BEGIN

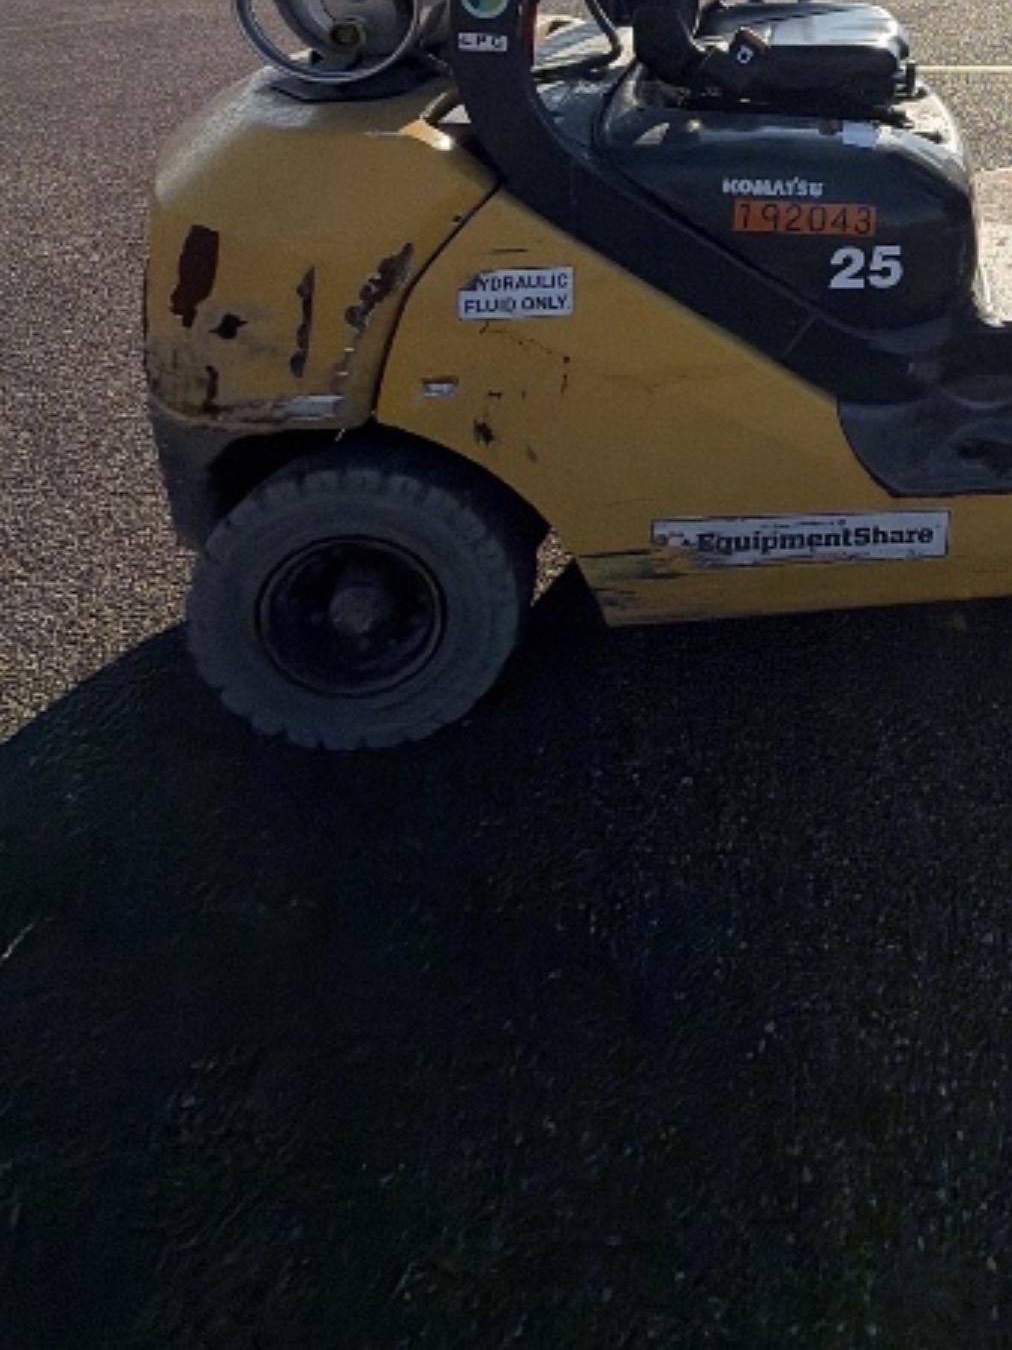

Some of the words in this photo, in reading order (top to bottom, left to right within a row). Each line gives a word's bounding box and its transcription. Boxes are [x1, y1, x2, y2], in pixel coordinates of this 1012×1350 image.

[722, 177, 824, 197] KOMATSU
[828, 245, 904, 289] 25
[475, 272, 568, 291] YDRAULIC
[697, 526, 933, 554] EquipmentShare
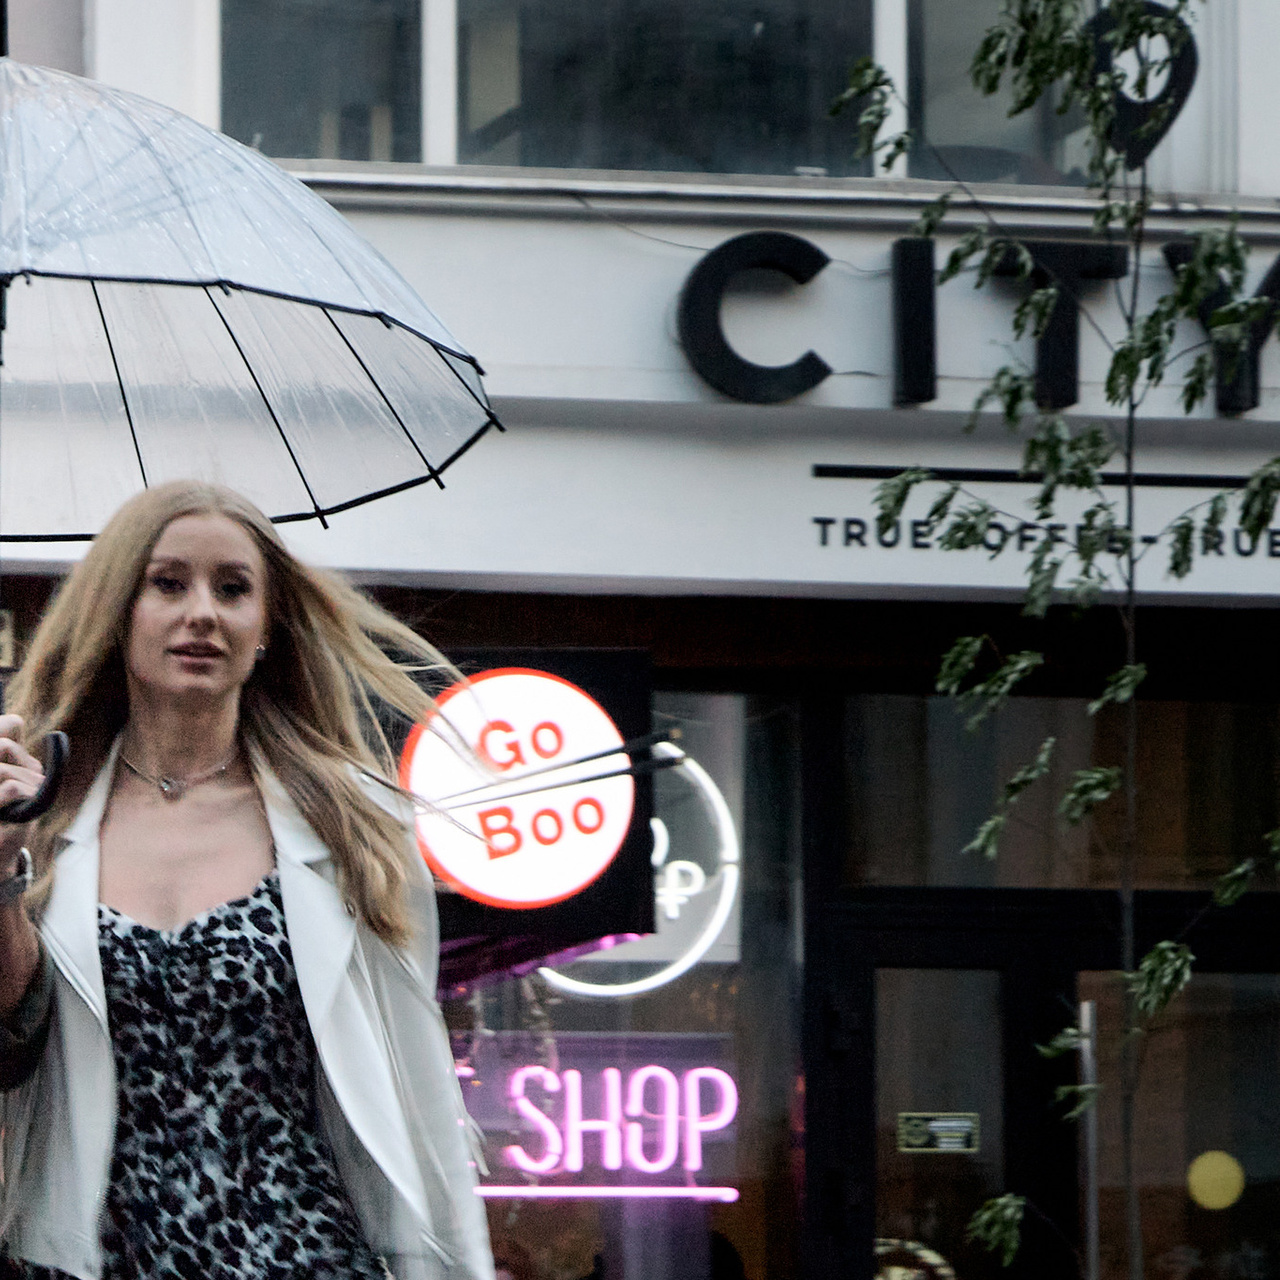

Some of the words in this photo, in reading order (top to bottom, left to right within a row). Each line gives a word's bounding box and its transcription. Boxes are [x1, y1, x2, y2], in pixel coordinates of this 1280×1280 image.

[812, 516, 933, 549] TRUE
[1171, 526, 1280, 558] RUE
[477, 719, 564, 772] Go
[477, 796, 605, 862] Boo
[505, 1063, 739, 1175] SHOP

END

* WORK REQUEST *
Only the pictures are to be omitted; the records above must otherwise be reproduced exactly.

* WRITTEN RESPONSE *
Some of the words in this photo, in reading order (top to bottom, left to right within a row). Each line gives a word's bounding box and its transcription. Boxes are [x1, y1, x2, y2], in pixel coordinates of this 1012×1350 image.

[722, 177, 824, 197] KOMATSU
[828, 245, 904, 289] 25
[475, 272, 568, 291] YDRAULIC
[697, 526, 933, 554] EquipmentShare

Some of the words in this photo, in reading order (top to bottom, left to right within a row). Each line gives a word's bounding box and its transcription. Boxes are [x1, y1, x2, y2], in pixel coordinates of this 1280×1280 image.

[812, 516, 933, 549] TRUE
[1171, 526, 1280, 558] RUE
[477, 719, 564, 772] Go
[477, 796, 605, 862] Boo
[505, 1063, 739, 1175] SHOP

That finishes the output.